1. Creating application from scratch
A PaaS is a great tool to create an application from scratch since it is born on the cloud with a corresponding cloud architecture. Most PaaS solutions provide services to help build your application. In specific, Bluemix has over 60 IBM and 3rd party services in the catalog to help build your application.
As the above chart shows, you can enter the Bluemix interface with no pre-existing assets, and create an application extremely quickly because the developer only has to focus on the code and data. Although creating applications from scratch will always have a place in the cloud movement, there are other tools that can be leveraged on a platform-as-a-service.
2. Virtual Machine
Next, PaaS will be able to host virtual machines and compute their programs with ease. Most readers are probably familiar with a VM, and therefore can visualize what it looks like to run a VM on top of a PaaS.
VM management on PaaS will only become easier and more seamless. Rest assured that VMs on PaaS will be supported in the future because of their security. While Docker Containers are new and upcoming (see below), VMs will need extensive PaaS support for mission critical applications.
3. Docker Container
Docker helps solve the problem of helping developers and system administrators build, ship, and run distributed applications. The Docker platform helps make programmable processes self-contained that can run on a single kernel, with a single interface to manage the container.
Docker containers are extremely relevant to PaaS due to their high portability.
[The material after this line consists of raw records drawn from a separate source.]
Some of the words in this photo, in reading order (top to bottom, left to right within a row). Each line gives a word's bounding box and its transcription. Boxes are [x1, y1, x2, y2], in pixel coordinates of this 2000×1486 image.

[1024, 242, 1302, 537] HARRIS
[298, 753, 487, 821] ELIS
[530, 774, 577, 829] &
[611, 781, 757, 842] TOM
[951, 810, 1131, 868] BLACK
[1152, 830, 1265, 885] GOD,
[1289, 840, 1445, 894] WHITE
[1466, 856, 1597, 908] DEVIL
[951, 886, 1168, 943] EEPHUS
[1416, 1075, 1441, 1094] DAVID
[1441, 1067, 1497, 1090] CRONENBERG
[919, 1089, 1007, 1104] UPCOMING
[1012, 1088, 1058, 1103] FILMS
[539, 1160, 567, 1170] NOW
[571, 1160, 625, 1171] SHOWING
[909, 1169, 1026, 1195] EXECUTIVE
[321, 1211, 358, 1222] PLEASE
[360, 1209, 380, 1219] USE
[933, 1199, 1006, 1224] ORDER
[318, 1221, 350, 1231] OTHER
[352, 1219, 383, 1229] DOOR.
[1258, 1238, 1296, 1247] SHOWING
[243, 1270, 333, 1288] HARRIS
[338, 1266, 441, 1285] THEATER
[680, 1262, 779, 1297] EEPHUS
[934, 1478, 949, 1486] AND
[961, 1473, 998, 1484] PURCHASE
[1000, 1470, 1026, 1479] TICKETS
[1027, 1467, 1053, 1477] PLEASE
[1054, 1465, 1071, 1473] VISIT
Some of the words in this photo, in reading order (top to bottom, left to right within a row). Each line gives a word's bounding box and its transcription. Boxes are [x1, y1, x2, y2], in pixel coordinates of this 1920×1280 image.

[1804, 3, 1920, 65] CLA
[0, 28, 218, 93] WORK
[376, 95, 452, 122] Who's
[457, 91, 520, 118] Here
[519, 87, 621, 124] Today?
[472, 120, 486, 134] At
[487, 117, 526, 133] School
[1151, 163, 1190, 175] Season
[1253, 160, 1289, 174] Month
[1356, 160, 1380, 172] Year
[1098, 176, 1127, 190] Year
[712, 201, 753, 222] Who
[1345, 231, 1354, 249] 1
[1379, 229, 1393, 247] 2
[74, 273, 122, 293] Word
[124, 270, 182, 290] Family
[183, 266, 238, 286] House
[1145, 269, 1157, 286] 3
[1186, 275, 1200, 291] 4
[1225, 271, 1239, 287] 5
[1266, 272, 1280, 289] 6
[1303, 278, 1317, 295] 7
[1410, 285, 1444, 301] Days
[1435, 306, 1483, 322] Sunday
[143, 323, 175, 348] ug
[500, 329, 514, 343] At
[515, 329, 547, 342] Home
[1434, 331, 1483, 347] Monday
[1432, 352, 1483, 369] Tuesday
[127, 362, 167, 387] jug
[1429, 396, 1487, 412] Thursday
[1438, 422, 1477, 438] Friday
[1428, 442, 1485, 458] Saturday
The combination of Docker with platforms-as-a-service will allow developers to manage running containers, combine processes to running containers, and communicate with the Docker repository. In this regard, containers on a PaaS will make it incredibly easy to start/stop containers and view the running logs.
In fact, Docker demands that you store all config values, dependencies, everything inside of the container itself
Docker on Bluemix enables users to port their existing applications and make them publicly accessible for one’s user base. This is made possible because Docker requires all dependencies to be stored inside the container itself.
With tools such as Docker, the landscape of the PaaS will be drastically changing. The PaaS that can adapt to make it as simple for users as possible to get started on the platform from scratch, with a VM, or with a container will win the hearts of developers. Each approach offers unique pros and drawbacks.
For example, while Docker containers are extremely efficient, their security isn’t as robust as a VM. While building from scratch provides flexibility, it does not provide as much speed as the other times. Some applications require more security, and some require less overhead to run. The requirements of the application determine which approach the user wants to take. In the end, the PaaS needs to provide all options to their customers.